Alemania presentó una tasa de crecimiento del 0,1 por cien en el segundo trimestre, después de la recesión de comienzo de 2023. Casi un año sin crecimiento. El último dato de inflación (agosto) es del 6,1 por cien, inusualmente alto y persistente para un país históricamente refractario al crecimiento de precios. Al impacto brutal inicial del encarecimiento de la energía y otros factores de oferta, siguieron efectos de “segunda ronda”, con significativo crecimiento de los salarios. Las malas noticias recientes sobre el sector constructor e inmobiliario —con una cierta “burbuja”— se añaden al entorno negativo.

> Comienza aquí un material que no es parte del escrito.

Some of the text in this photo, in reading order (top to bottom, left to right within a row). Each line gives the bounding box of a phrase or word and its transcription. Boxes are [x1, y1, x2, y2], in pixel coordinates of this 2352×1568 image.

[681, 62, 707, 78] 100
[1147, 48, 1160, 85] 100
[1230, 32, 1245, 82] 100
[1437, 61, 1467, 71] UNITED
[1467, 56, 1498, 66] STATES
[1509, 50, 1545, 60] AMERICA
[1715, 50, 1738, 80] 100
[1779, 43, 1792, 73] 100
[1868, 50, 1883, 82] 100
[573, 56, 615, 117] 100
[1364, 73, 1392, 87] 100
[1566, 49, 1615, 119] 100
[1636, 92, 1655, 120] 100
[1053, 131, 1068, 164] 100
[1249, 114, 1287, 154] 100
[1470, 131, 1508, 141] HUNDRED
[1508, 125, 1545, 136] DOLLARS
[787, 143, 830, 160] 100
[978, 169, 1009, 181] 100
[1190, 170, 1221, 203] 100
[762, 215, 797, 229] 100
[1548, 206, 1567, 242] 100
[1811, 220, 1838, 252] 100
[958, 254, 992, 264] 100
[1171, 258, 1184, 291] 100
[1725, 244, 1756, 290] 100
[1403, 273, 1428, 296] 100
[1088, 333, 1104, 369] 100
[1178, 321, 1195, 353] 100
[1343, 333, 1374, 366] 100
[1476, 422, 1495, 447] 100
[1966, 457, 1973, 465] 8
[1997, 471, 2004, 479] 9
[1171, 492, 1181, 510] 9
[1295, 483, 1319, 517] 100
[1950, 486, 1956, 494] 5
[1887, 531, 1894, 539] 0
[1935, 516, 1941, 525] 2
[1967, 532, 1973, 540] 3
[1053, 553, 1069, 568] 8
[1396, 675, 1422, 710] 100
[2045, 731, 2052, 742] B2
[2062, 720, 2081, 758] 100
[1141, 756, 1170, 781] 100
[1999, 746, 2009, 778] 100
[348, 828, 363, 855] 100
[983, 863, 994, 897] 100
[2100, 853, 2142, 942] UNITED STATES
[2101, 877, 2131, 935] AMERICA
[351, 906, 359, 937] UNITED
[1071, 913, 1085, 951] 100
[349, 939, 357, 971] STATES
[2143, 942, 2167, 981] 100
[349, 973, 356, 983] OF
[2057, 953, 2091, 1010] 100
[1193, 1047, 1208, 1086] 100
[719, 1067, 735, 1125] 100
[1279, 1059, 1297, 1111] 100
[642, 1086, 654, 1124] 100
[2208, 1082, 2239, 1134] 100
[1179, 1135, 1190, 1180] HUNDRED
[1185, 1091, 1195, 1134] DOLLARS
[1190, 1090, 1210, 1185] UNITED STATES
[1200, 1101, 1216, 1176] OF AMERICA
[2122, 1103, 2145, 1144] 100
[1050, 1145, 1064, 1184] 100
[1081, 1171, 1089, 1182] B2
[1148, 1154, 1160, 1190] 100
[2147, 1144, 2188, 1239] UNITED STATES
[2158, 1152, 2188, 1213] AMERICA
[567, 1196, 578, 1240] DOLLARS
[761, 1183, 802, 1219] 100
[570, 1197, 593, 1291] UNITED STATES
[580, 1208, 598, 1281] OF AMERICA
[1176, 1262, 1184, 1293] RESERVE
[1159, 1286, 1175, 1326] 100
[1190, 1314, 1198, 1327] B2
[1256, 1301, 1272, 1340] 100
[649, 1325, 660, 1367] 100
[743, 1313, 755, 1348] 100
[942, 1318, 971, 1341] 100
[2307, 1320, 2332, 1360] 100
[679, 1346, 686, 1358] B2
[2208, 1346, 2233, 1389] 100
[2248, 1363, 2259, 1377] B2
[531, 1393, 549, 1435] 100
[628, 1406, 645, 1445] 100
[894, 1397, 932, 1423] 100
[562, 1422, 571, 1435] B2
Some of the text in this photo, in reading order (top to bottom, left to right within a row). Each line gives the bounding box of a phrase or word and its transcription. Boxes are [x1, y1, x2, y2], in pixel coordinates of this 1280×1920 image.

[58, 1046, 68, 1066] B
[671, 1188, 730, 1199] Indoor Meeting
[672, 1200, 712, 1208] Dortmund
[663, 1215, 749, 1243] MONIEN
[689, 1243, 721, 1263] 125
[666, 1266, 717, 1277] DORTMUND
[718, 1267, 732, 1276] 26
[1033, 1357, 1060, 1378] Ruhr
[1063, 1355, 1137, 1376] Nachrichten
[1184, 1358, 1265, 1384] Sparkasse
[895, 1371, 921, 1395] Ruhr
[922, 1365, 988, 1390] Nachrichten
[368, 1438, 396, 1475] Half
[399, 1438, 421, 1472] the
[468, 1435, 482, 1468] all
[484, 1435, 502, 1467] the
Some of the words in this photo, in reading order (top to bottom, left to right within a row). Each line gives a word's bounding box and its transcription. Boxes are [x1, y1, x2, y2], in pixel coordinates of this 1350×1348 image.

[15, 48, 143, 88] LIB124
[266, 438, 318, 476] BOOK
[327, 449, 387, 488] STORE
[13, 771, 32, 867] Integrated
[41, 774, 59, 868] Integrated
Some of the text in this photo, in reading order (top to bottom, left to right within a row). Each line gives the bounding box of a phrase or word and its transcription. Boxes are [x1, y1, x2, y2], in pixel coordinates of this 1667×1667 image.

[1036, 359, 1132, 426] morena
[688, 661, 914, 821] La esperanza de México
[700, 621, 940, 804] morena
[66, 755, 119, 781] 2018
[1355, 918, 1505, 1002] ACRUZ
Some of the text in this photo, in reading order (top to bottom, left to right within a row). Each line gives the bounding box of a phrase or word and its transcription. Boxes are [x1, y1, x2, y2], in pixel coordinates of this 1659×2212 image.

En febrero de 2022, cuando Rusia invadió Ucrania, se hicieron evidentes los resultados de la errática política energética alemana de las últimas décadas. Su enorme dependencia del gas ruso debilitó su competitividad industrial que, en gran parte, parecía derivarse del uso intensivo de ese combustible barato. Sustituir ese factor drenó muchos recursos y laminó parte de la fortaleza alemana. Como en otros países europeos, importadores de energía, no haber diversificado (i.e. centrales nucleares), al menos, durante la transición ecológica, ha tenido consecuencias muy negativas.
Otras dudas apuntalan la flojera de la actividad económica alemana. La relación con China se ha vuelto más compleja. Hay crecientes impedimentos para las exportaciones e importaciones con el gigante asiático. Afecta también negativamente el envejecimiento de la población germana y la gran dificultad para suplir vacantes en el mercado de trabajo, problema generalizado en muchos países. La falta de inversión —no solamente en seguridad y defensa— y la excesiva regulación son otros dos grandes obstáculos. Aunque el gobierno germano ha lanzado un plan fiscal para dinamizar la inversión y la economía, varios desacuerdos internos han desdibujado ese programa de gasto. Los aspectos positivos son el gran margen del Tesoro alemán para cualquier esfuerzo significativo de inversión —si llega el acuerdo político sobre el mismo— y las potencialidades que las reformas estructurales tendrían en una economía potente. Asimismo, la banca alemana —muy volcada en lo regional— debe encontrar su hoja de ruta para financiar proyectos transformadores de más alcance. Todo por el el bien de ese país y de la UE.
Este artículo se publicó originalmente en el diario La Vanguardia.